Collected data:

-- -- --

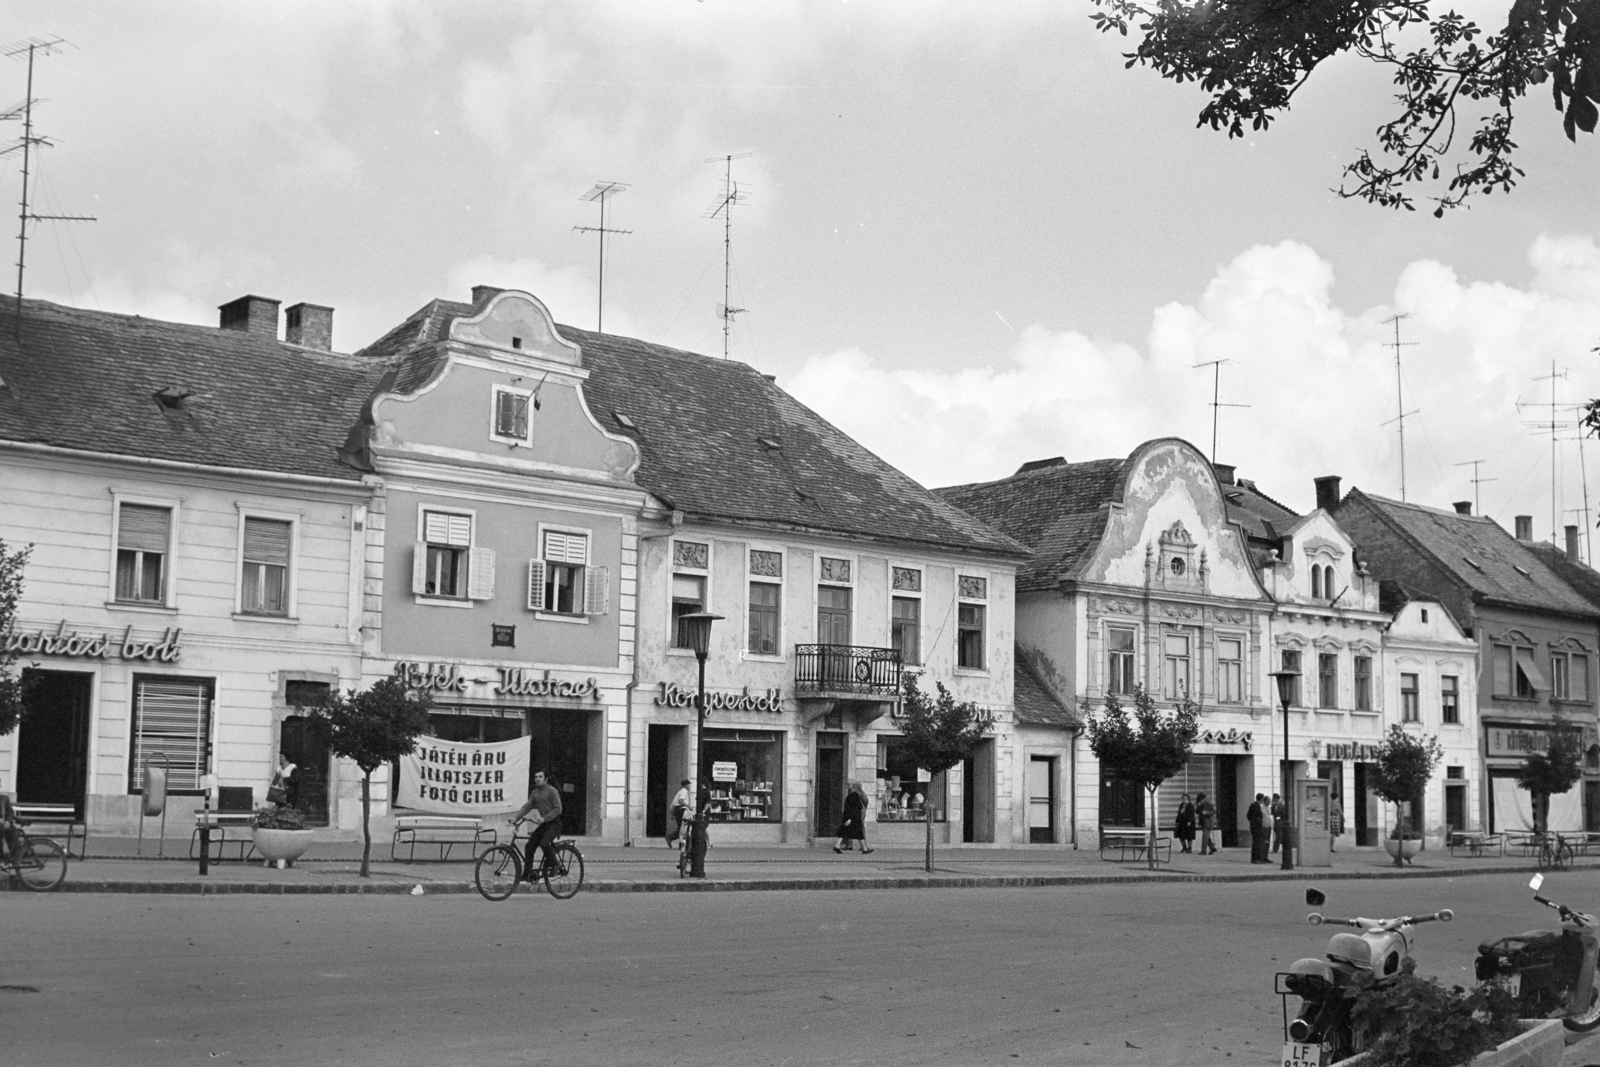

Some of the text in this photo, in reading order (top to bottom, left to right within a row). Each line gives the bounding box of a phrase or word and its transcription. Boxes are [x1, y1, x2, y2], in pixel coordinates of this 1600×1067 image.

[0, 616, 182, 662] tartási bolt
[494, 666, 604, 699] Illatszer
[654, 681, 783, 717] Könyvesbolt
[420, 766, 504, 785] ILLATSZER
[1293, 1045, 1310, 1060] LF
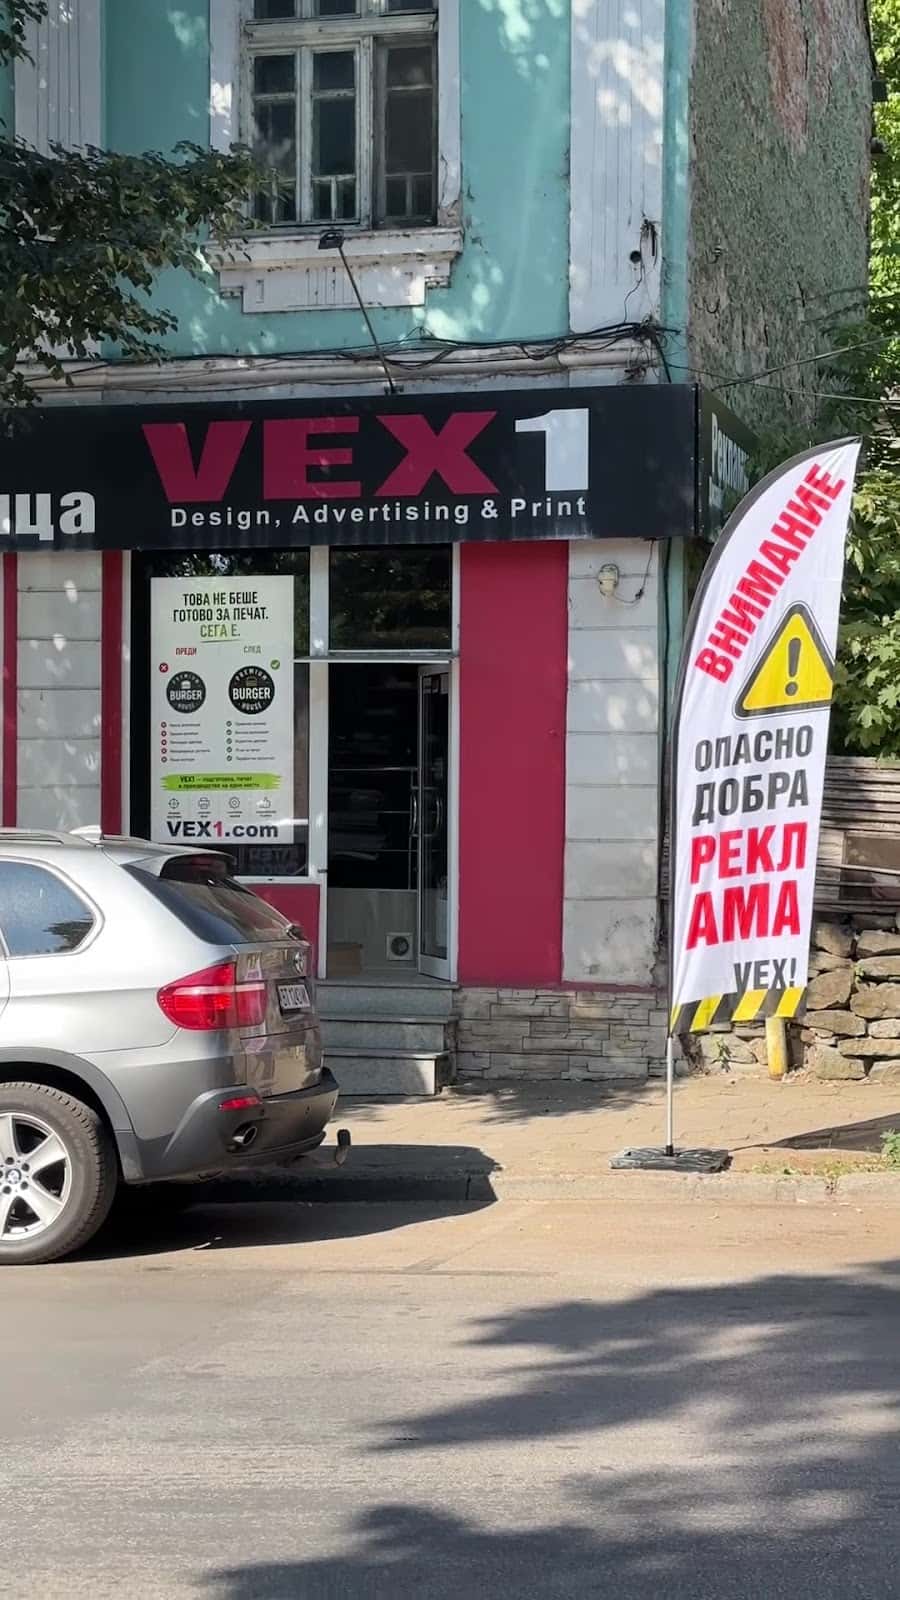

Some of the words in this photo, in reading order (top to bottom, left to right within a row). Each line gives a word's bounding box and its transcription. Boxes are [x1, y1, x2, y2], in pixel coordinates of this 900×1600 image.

[141, 408, 589, 503] VEX1
[0, 491, 96, 540] ца
[171, 507, 282, 530] Design,
[292, 501, 469, 525] Advertising
[481, 499, 498, 518] &
[511, 496, 587, 517] Print
[694, 463, 846, 683] ВНИМАНИЕ
[183, 593, 210, 606] ТОВА
[213, 592, 226, 605] НЕ
[229, 591, 258, 604] БЕШЕ
[173, 609, 213, 622] ГОТОВО
[216, 608, 230, 621] ЗА
[233, 606, 269, 620] ПЕЧАТ.
[200, 624, 227, 637] СЕГА
[231, 624, 240, 637] Е.
[175, 647, 197, 656] ПРЕДИ
[243, 645, 261, 654] СЛЕД
[169, 690, 202, 701] BURGER
[232, 687, 271, 700] BURGER
[694, 725, 814, 772] ОПАСНО
[692, 769, 809, 827] ДОБРА
[166, 821, 279, 838] VEX1.com
[690, 821, 808, 885] РЕКЛ
[686, 879, 801, 951] АМА

-- -- --

ASSIGNMENT
Leave the images aside and transcribe all entries exactly.

EXERCISE OUTPUT
Some of the text in this photo, in reading order (top to bottom, left to right within a row). Each line gives the bounding box of a phrase or word and its transcription. Boxes are [x1, y1, x2, y2], in pixel coordinates of this 1600×1067 image.

[0, 616, 182, 662] tartási bolt
[494, 666, 604, 699] Illatszer
[654, 681, 783, 717] Könyvesbolt
[420, 766, 504, 785] ILLATSZER
[1293, 1045, 1310, 1060] LF

Some of the words in this photo, in reading order (top to bottom, left to right within a row). Each line gives a word's bounding box and its transcription. Boxes are [x1, y1, x2, y2], in pixel coordinates of this 900×1600 image.

[141, 408, 589, 503] VEX1
[0, 491, 96, 540] ца
[171, 507, 282, 530] Design,
[292, 501, 469, 525] Advertising
[481, 499, 498, 518] &
[511, 496, 587, 517] Print
[694, 463, 846, 683] ВНИМАНИЕ
[183, 593, 210, 606] ТОВА
[213, 592, 226, 605] НЕ
[229, 591, 258, 604] БЕШЕ
[173, 609, 213, 622] ГОТОВО
[216, 608, 230, 621] ЗА
[233, 606, 269, 620] ПЕЧАТ.
[200, 624, 227, 637] СЕГА
[231, 624, 240, 637] Е.
[175, 647, 197, 656] ПРЕДИ
[243, 645, 261, 654] СЛЕД
[169, 690, 202, 701] BURGER
[232, 687, 271, 700] BURGER
[694, 725, 814, 772] ОПАСНО
[692, 769, 809, 827] ДОБРА
[166, 821, 279, 838] VEX1.com
[690, 821, 808, 885] РЕКЛ
[686, 879, 801, 951] АМА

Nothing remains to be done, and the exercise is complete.